The listing below must be repeated word for word, without its pictures.

|---|

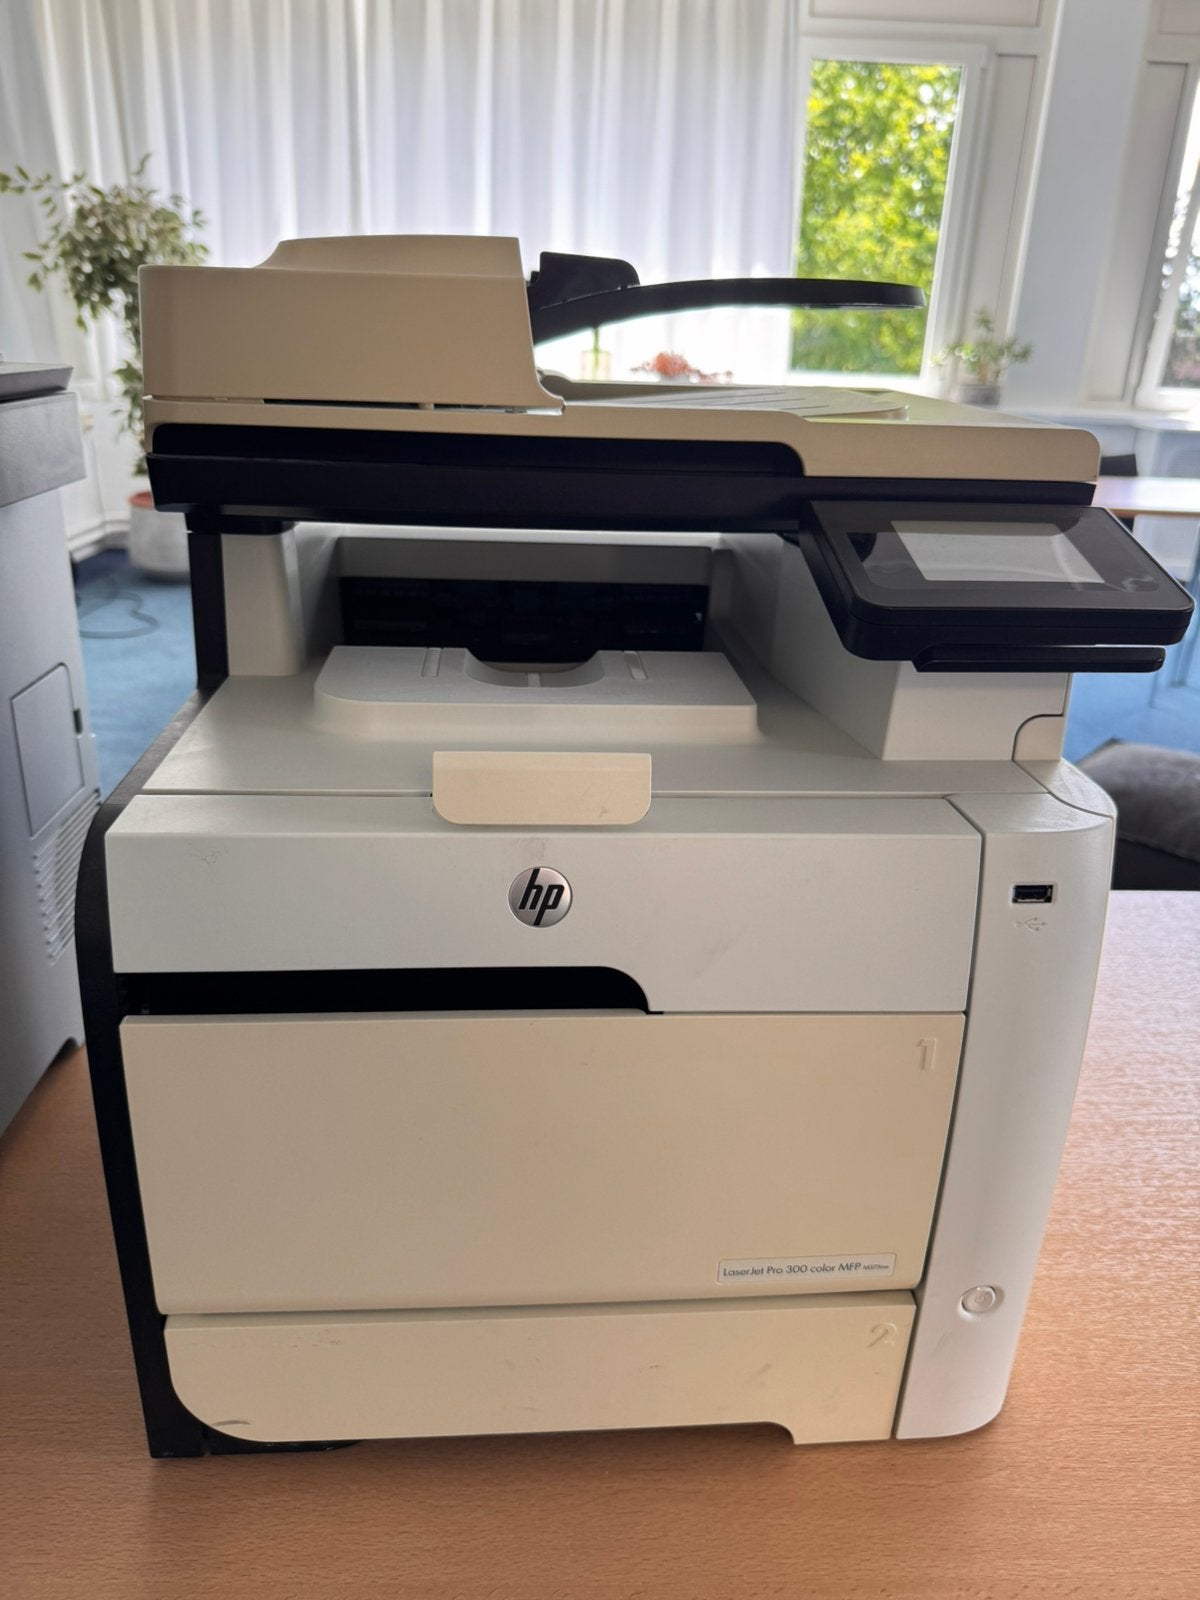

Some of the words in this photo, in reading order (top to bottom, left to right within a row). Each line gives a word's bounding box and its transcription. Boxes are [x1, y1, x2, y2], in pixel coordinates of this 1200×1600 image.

[518, 867, 565, 926] hp
[916, 1037, 938, 1071] 1
[722, 1267, 764, 1277] LaserJet
[766, 1265, 783, 1275] Pro
[785, 1264, 808, 1274] 300
[810, 1263, 836, 1273] color
[838, 1262, 861, 1272] MFP
[866, 1322, 897, 1348] 2
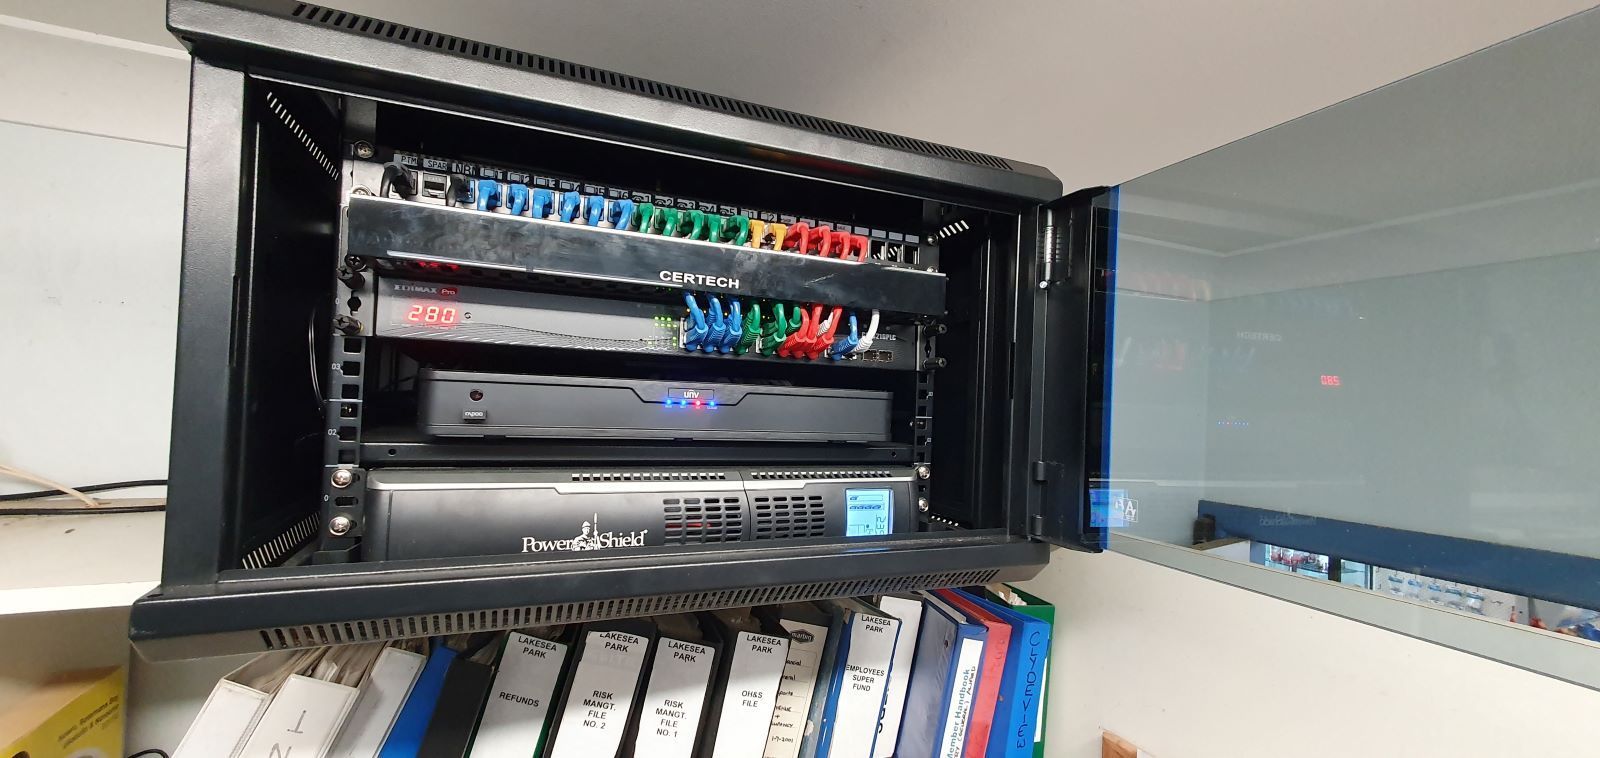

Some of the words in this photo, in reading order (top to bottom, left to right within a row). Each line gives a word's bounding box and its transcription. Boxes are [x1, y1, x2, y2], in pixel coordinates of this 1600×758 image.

[659, 270, 740, 289] CERTECH
[407, 304, 456, 324] 280
[860, 615, 892, 627] LAKESEA
[865, 624, 884, 634] PARK
[518, 635, 557, 652] LAKESEA
[746, 634, 782, 646] LAKESEA
[523, 647, 547, 659] PARK
[604, 641, 629, 653] PARK
[667, 640, 706, 655] LAKESEA
[751, 644, 773, 654] PARK
[673, 651, 697, 663] PARK
[845, 664, 885, 677] EMPLOYEES
[852, 674, 875, 684] SUPER
[852, 683, 871, 692] FUND
[499, 691, 540, 708] REFUNDS
[592, 690, 614, 700] RISK
[741, 690, 763, 699] OH&S
[954, 669, 971, 719] Handbook
[582, 699, 617, 711] MANGT.
[663, 699, 684, 709] RISK
[742, 699, 758, 708] FILE
[587, 709, 607, 720] FILE
[655, 708, 688, 720] MANGT.
[583, 719, 598, 728] NO.
[660, 718, 679, 728] FILE
[656, 728, 670, 737] NO.
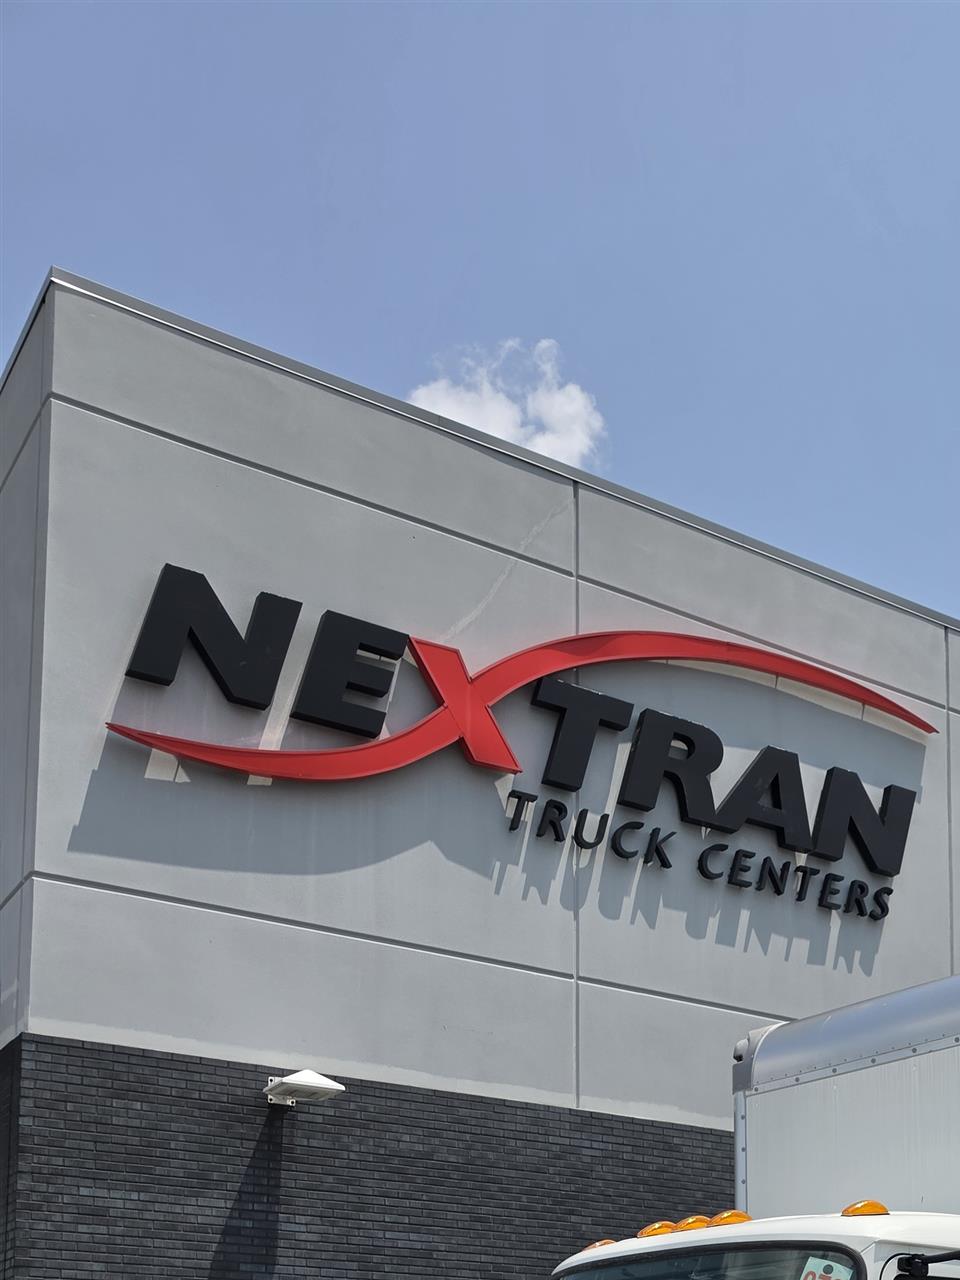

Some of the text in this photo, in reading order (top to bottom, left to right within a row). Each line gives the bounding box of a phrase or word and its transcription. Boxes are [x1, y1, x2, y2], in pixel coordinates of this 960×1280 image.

[106, 562, 938, 877] NEXTRAN
[508, 789, 894, 921] TRUCK CENTERS
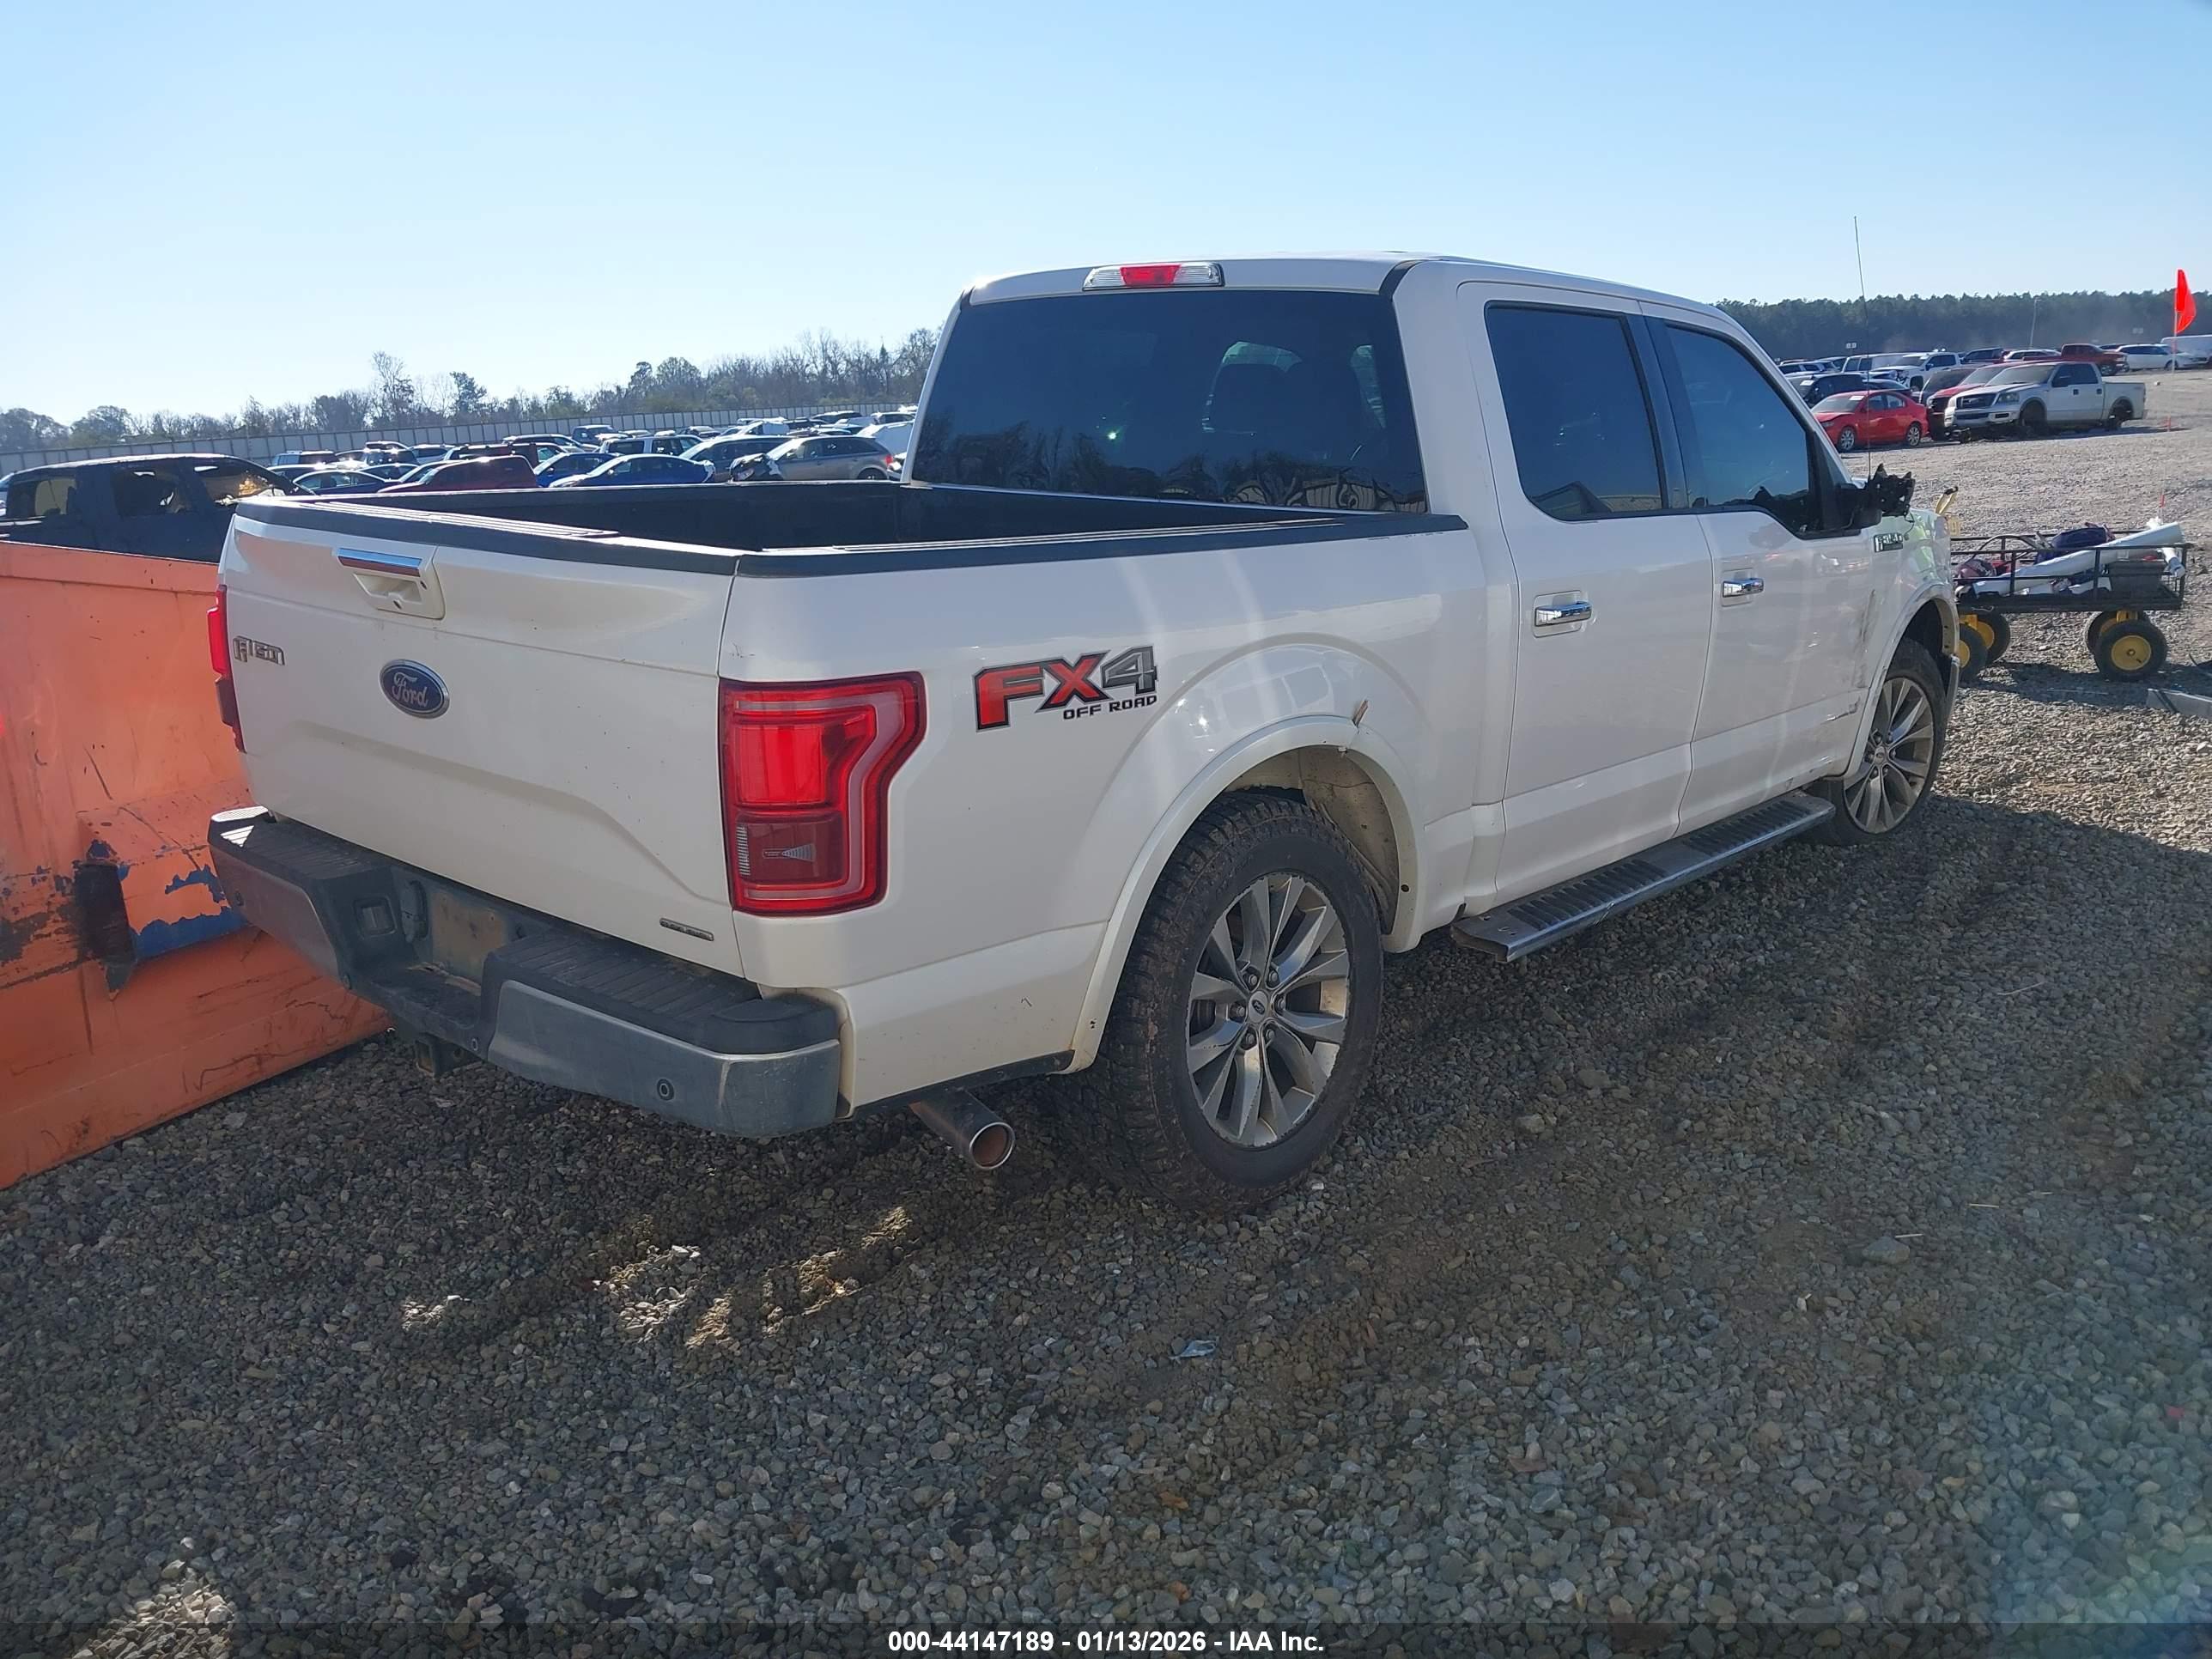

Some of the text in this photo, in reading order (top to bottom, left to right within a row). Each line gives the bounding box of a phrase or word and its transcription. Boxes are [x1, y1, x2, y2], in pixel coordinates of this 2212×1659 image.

[391, 672, 429, 708] Ford
[972, 645, 1158, 732] FX4
[1063, 695, 1158, 720] OFF ROAD

|---|

» **EXERCISE OUTPUT**
Some of the words in this photo, in reading order (top to bottom, left to right within a row). Each line gives a word's bounding box and its transcription. Boxes are [x1, y1, x2, y2], in pixel coordinates of this 1200×1600 image.

[518, 867, 565, 926] hp
[916, 1037, 938, 1071] 1
[722, 1267, 764, 1277] LaserJet
[766, 1265, 783, 1275] Pro
[785, 1264, 808, 1274] 300
[810, 1263, 836, 1273] color
[838, 1262, 861, 1272] MFP
[866, 1322, 897, 1348] 2

Some of the words in this photo, in reading order (top to bottom, left to right within a row). Each line gives a word's bounding box and its transcription. Boxes are [x1, y1, x2, y2], in pixel coordinates of this 1600×758 image.

[659, 270, 740, 289] CERTECH
[407, 304, 456, 324] 280
[860, 615, 892, 627] LAKESEA
[865, 624, 884, 634] PARK
[518, 635, 557, 652] LAKESEA
[746, 634, 782, 646] LAKESEA
[523, 647, 547, 659] PARK
[604, 641, 629, 653] PARK
[667, 640, 706, 655] LAKESEA
[751, 644, 773, 654] PARK
[673, 651, 697, 663] PARK
[845, 664, 885, 677] EMPLOYEES
[852, 674, 875, 684] SUPER
[852, 683, 871, 692] FUND
[499, 691, 540, 708] REFUNDS
[592, 690, 614, 700] RISK
[741, 690, 763, 699] OH&S
[954, 669, 971, 719] Handbook
[582, 699, 617, 711] MANGT.
[663, 699, 684, 709] RISK
[742, 699, 758, 708] FILE
[587, 709, 607, 720] FILE
[655, 708, 688, 720] MANGT.
[583, 719, 598, 728] NO.
[660, 718, 679, 728] FILE
[656, 728, 670, 737] NO.

Some of the text in this photo, in reading order (top to bottom, left to right within a row). Each line gives the bounding box of a phrase or word and its transcription. Boxes are [x1, y1, x2, y2], in pixel coordinates of this 960×1280 image.

[106, 562, 938, 877] NEXTRAN
[508, 789, 894, 921] TRUCK CENTERS

Some of the text in this photo, in reading order (top to bottom, left to right within a row). Each line gives the bounding box of a phrase or word and its transcription. Boxes are [x1, y1, x2, y2], in pixel coordinates of this 2212×1659 image.

[391, 672, 429, 708] Ford
[972, 645, 1158, 732] FX4
[1063, 695, 1158, 720] OFF ROAD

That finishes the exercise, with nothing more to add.